TASK TO COMPLETE: Text only, exactly as given: reproduce the entries below without their pictures.

SOURCE INFORMATION:

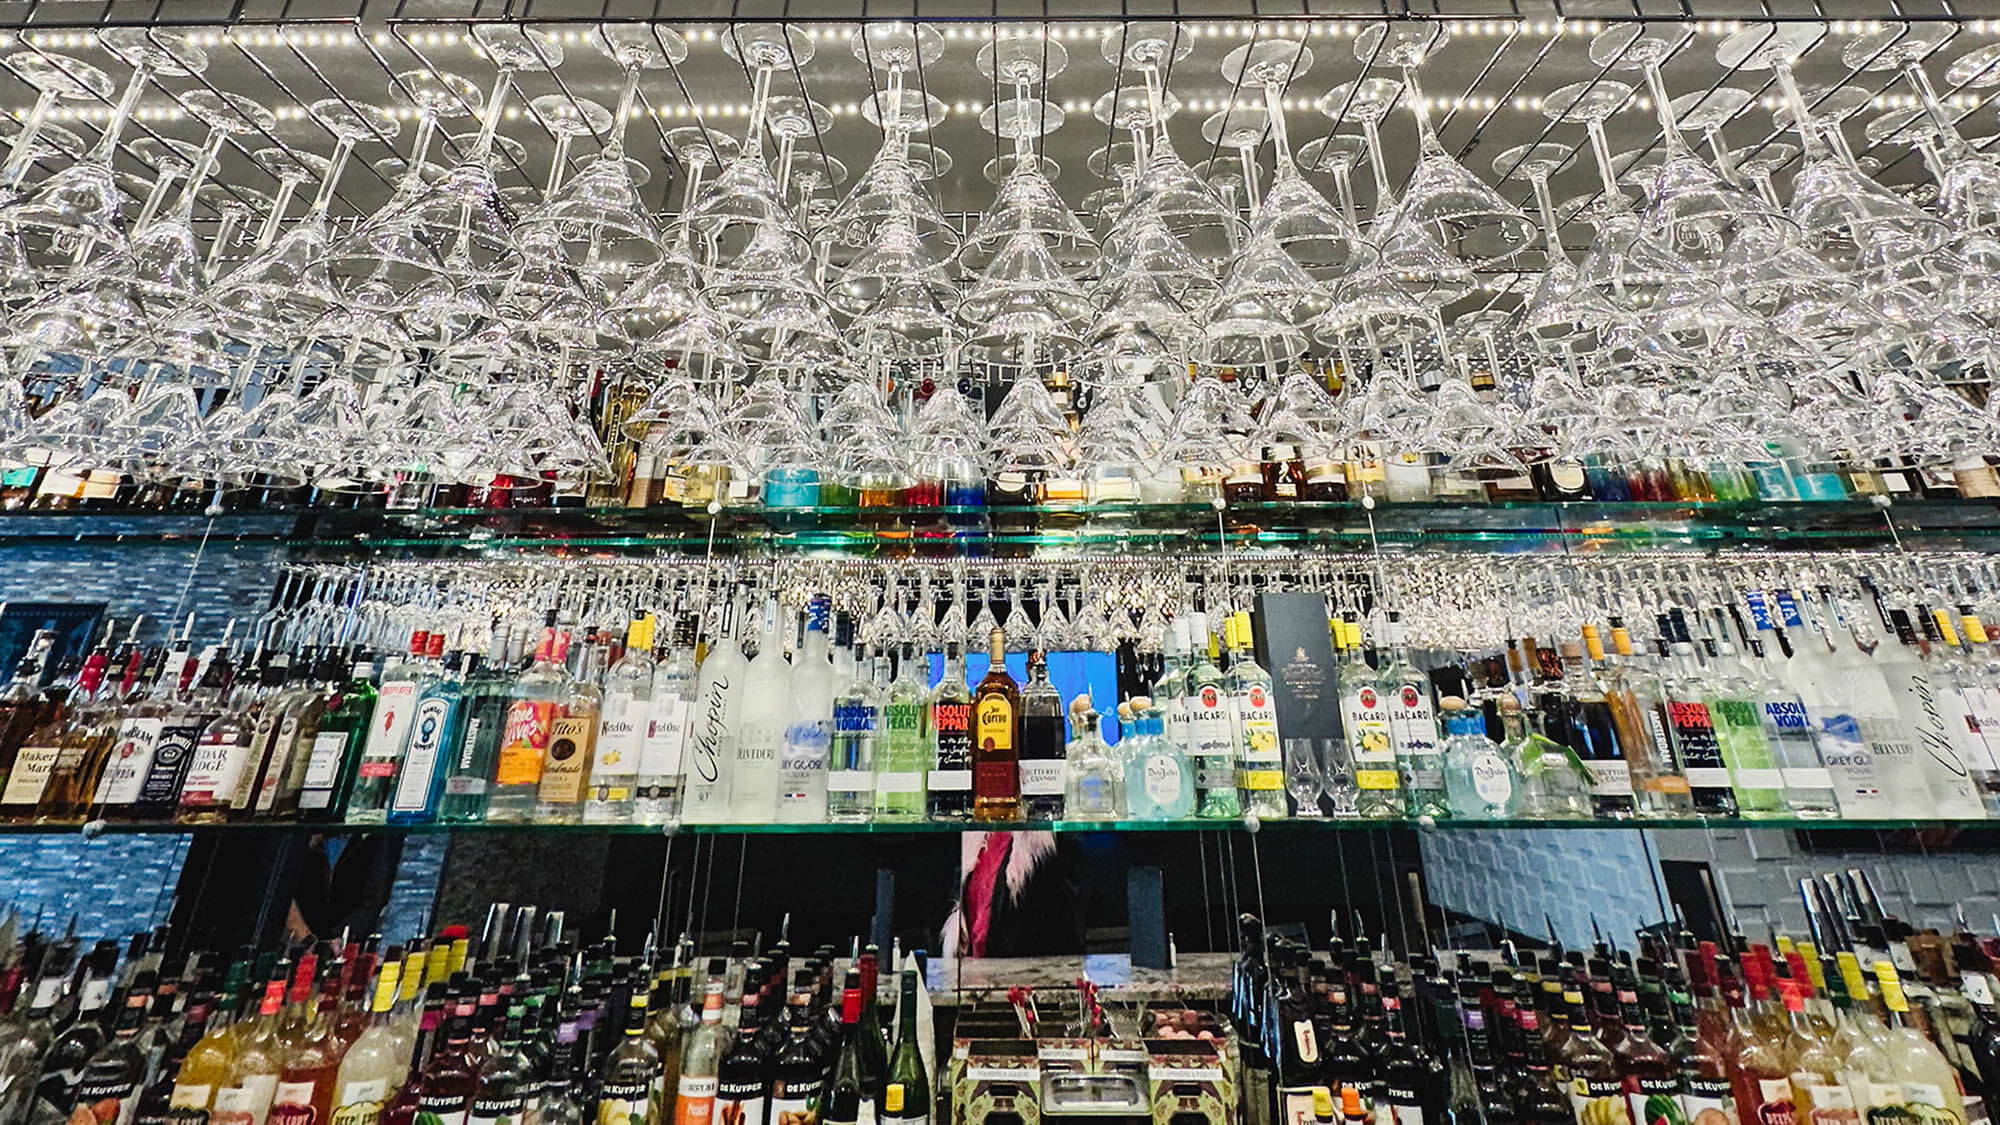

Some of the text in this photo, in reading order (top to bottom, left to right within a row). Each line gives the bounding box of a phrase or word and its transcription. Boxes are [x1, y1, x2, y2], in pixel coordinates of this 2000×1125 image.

[1193, 711, 1226, 721] BACARD
[1240, 711, 1273, 721] BACARD
[1352, 711, 1386, 722] BACARD
[552, 721, 584, 735] Tito's
[693, 674, 729, 782] Chopin
[1908, 675, 1967, 777] Chopin
[730, 1082, 762, 1094] KUYPER
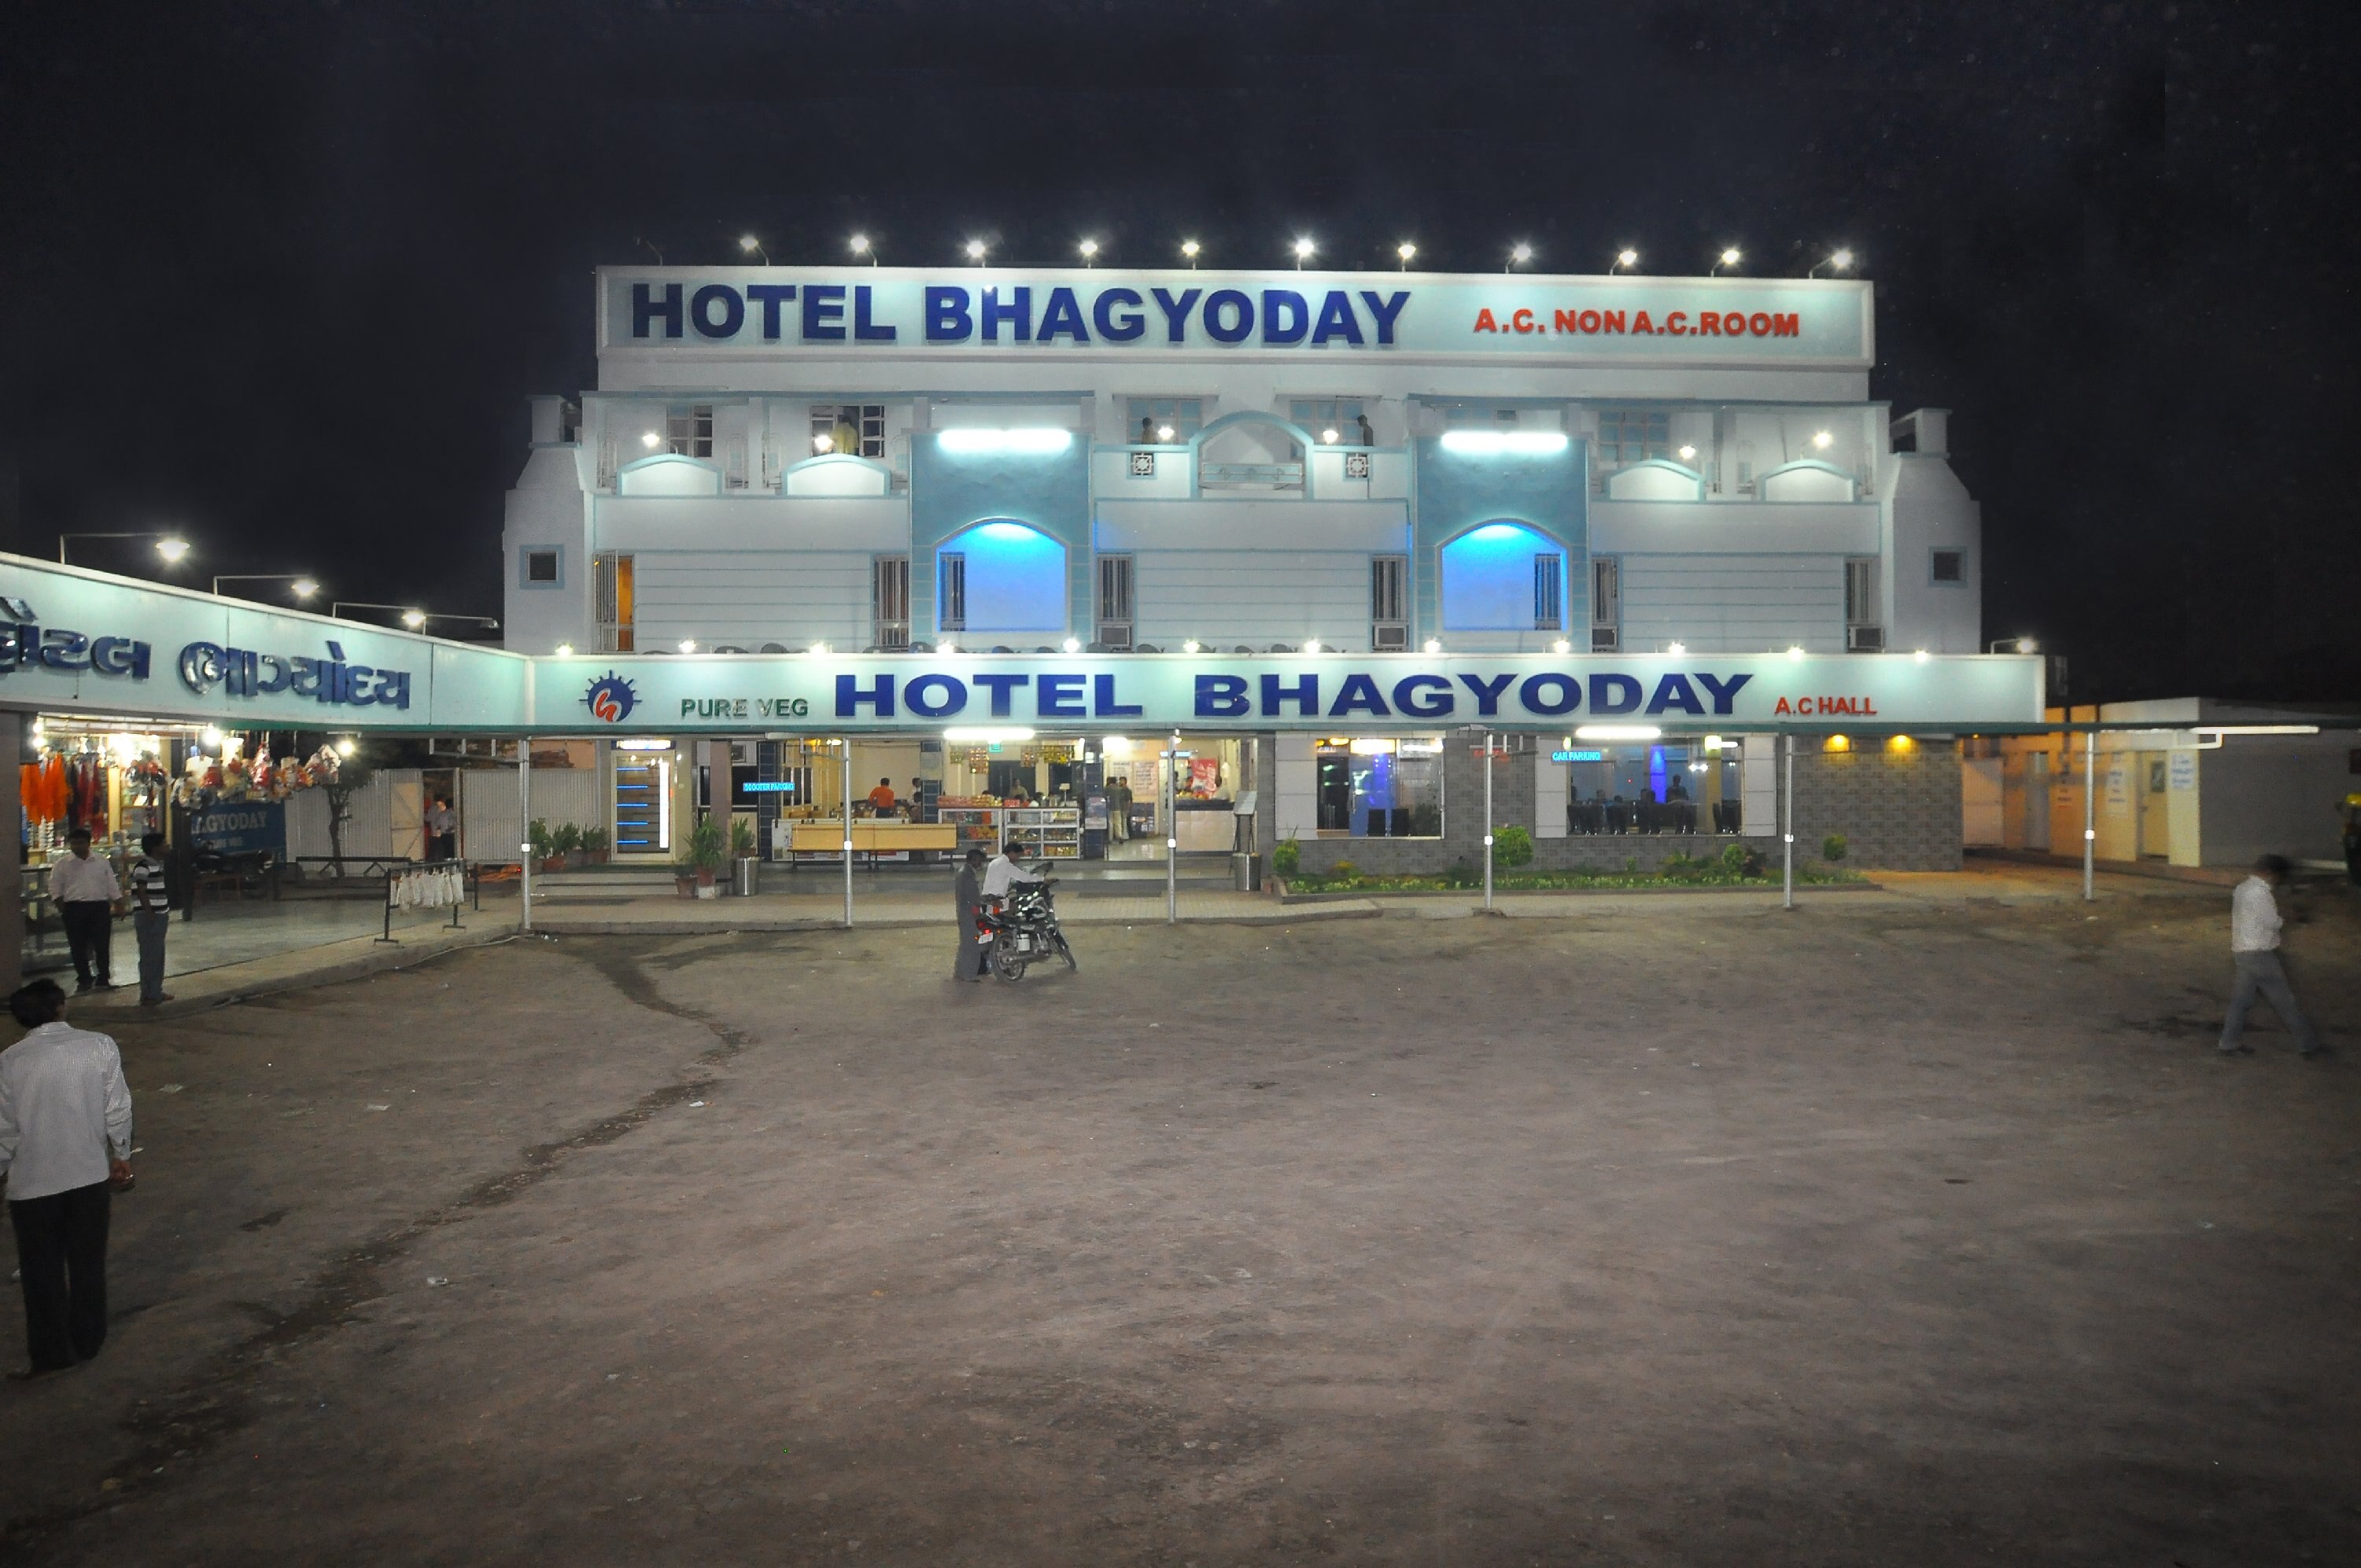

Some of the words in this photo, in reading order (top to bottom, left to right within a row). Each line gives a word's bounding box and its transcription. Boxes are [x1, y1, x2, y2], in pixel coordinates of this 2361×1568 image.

[632, 283, 897, 340] HOTEL
[924, 286, 1411, 345] BHAGYODAY
[1474, 308, 1545, 334] A.C.
[179, 640, 411, 709] ભાગ્યોદય
[681, 699, 747, 718] PURE
[757, 698, 808, 717] VEG
[835, 673, 1143, 718] HOTEL
[1193, 673, 1754, 718] BHAGYODAY
[1818, 696, 1877, 714] HALL
[1552, 751, 1568, 762] CAR
[1569, 751, 1601, 761] PARKING

SOLUTION TO THE PROBLEM:
Some of the text in this photo, in reading order (top to bottom, left to right within a row). Each line gives the bounding box of a phrase or word and its transcription. Boxes are [x1, y1, x2, y2], in pixel coordinates of this 2000×1125 image.

[1193, 711, 1226, 721] BACARD
[1240, 711, 1273, 721] BACARD
[1352, 711, 1386, 722] BACARD
[552, 721, 584, 735] Tito's
[693, 674, 729, 782] Chopin
[1908, 675, 1967, 777] Chopin
[730, 1082, 762, 1094] KUYPER

Some of the words in this photo, in reading order (top to bottom, left to right within a row). Each line gives a word's bounding box and its transcription. Boxes are [x1, y1, x2, y2], in pixel coordinates of this 2361×1568 image.

[632, 283, 897, 340] HOTEL
[924, 286, 1411, 345] BHAGYODAY
[1474, 308, 1545, 334] A.C.
[179, 640, 411, 709] ભાગ્યોદય
[681, 699, 747, 718] PURE
[757, 698, 808, 717] VEG
[835, 673, 1143, 718] HOTEL
[1193, 673, 1754, 718] BHAGYODAY
[1818, 696, 1877, 714] HALL
[1552, 751, 1568, 762] CAR
[1569, 751, 1601, 761] PARKING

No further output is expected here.